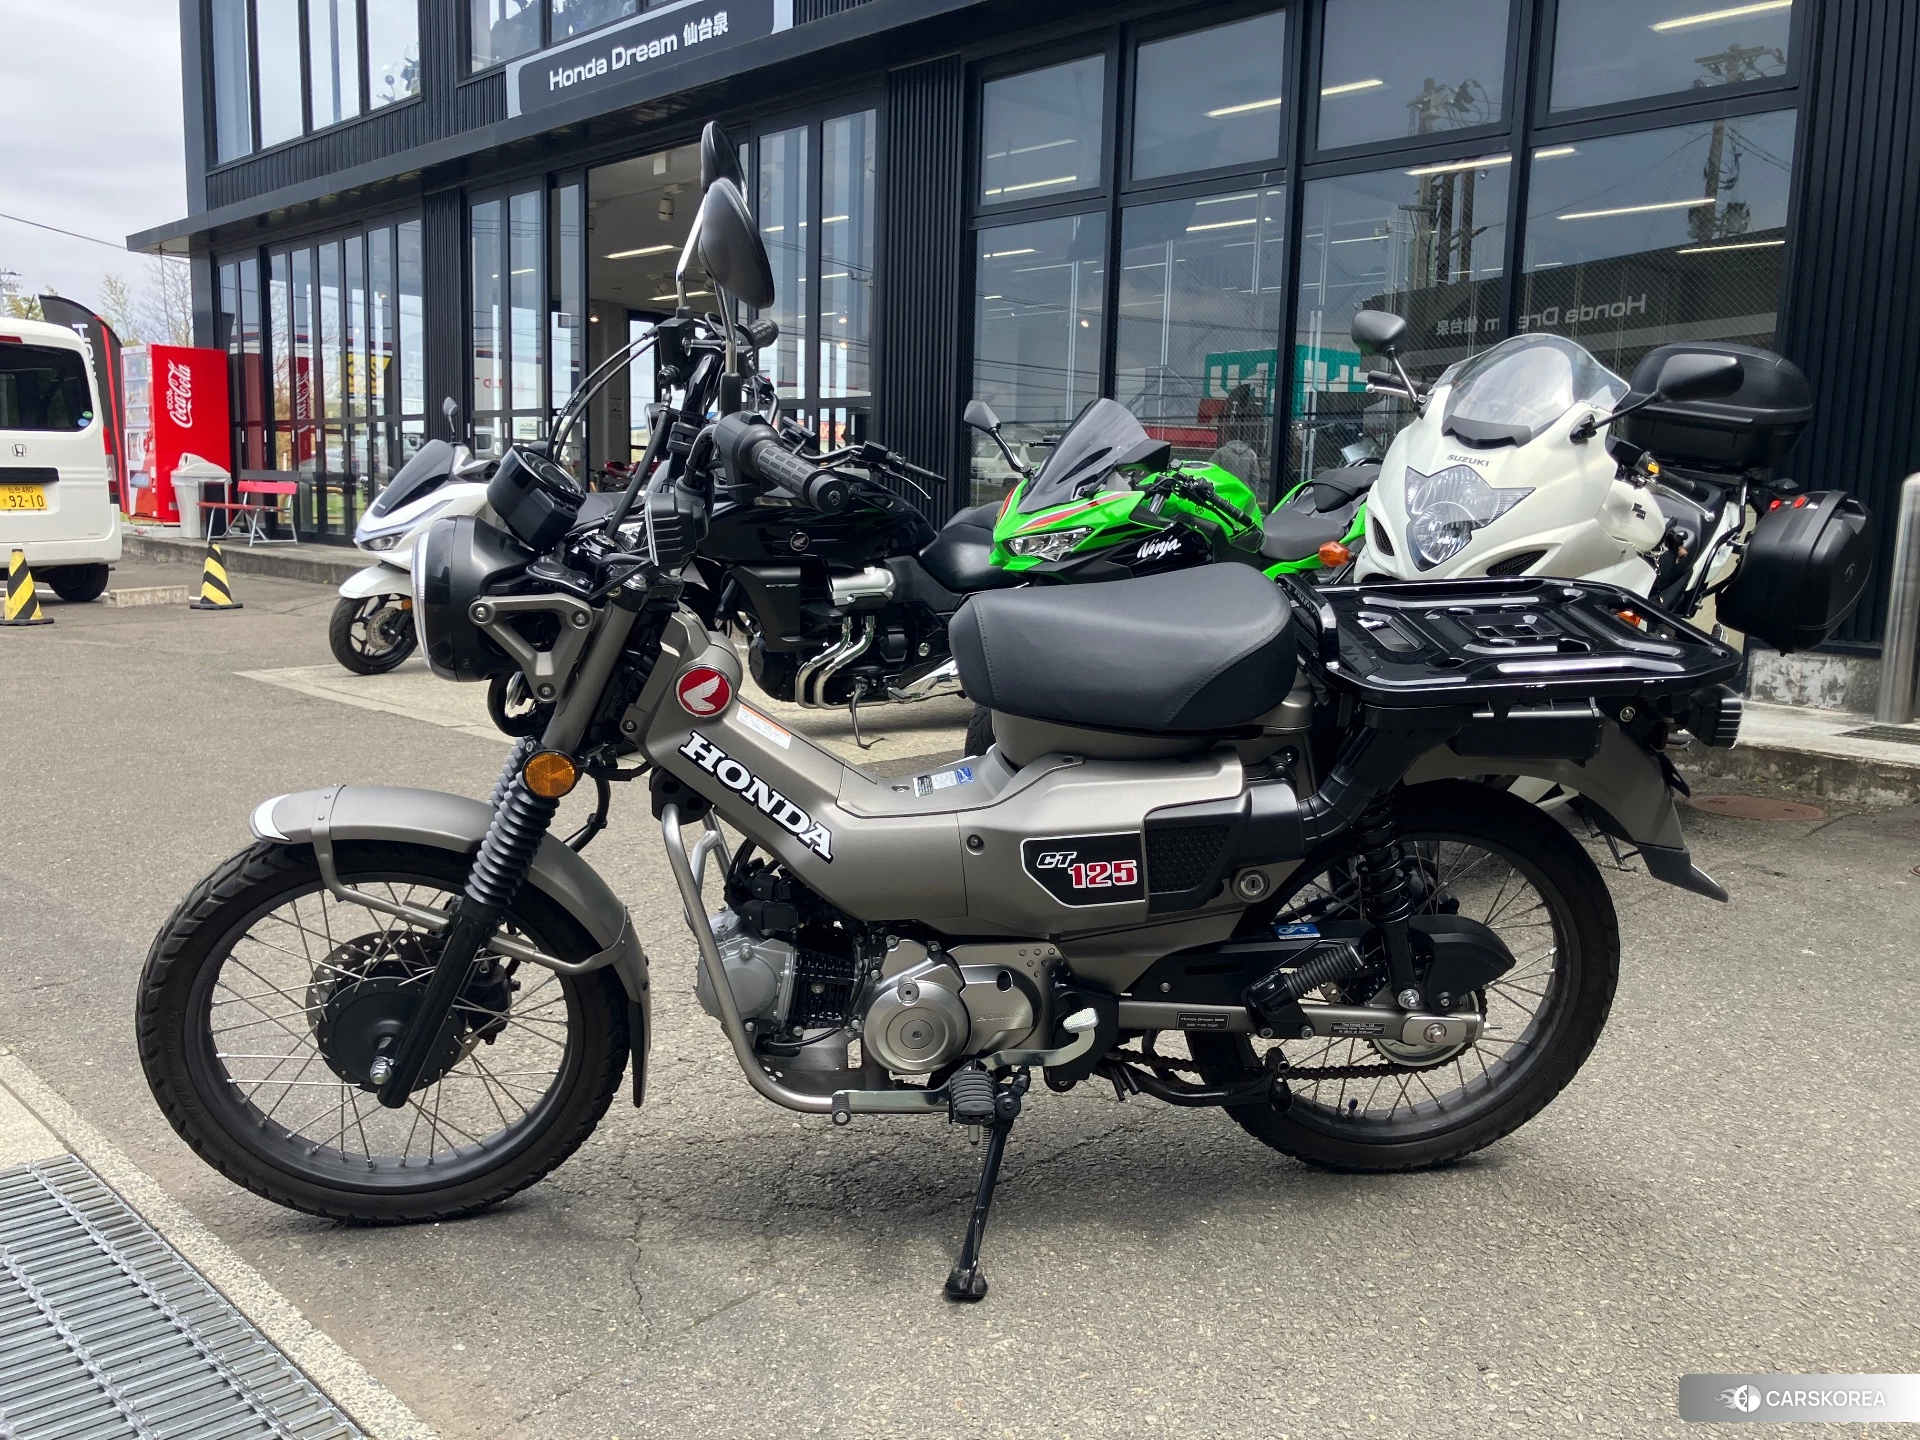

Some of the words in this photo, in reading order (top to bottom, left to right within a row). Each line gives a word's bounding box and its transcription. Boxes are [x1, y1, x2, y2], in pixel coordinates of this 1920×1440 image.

[549, 57, 608, 91] Honda
[611, 34, 678, 71] Dream
[683, 11, 729, 47] 仙台泉
[1446, 454, 1490, 467] SUZUKI
[9, 494, 45, 508] 92-10
[1136, 534, 1182, 560] Ninja
[679, 730, 833, 863] HONDA
[1036, 851, 1078, 868] CT
[1067, 859, 1138, 889] 125

------------------------------------------------------------

What you should do - Leaving the pictures aside, write out the entries above exactly.

Response to this exercise -
Some of the words in this photo, in reading order (top to bottom, left to right within a row). Each line gives a word's bounding box and its transcription. Boxes are [x1, y1, x2, y2], in pixel coordinates of this 1920×1440 image.

[549, 57, 608, 91] Honda
[611, 34, 678, 71] Dream
[683, 11, 729, 47] 仙台泉
[1446, 454, 1490, 467] SUZUKI
[9, 494, 45, 508] 92-10
[1136, 534, 1182, 560] Ninja
[679, 730, 833, 863] HONDA
[1036, 851, 1078, 868] CT
[1067, 859, 1138, 889] 125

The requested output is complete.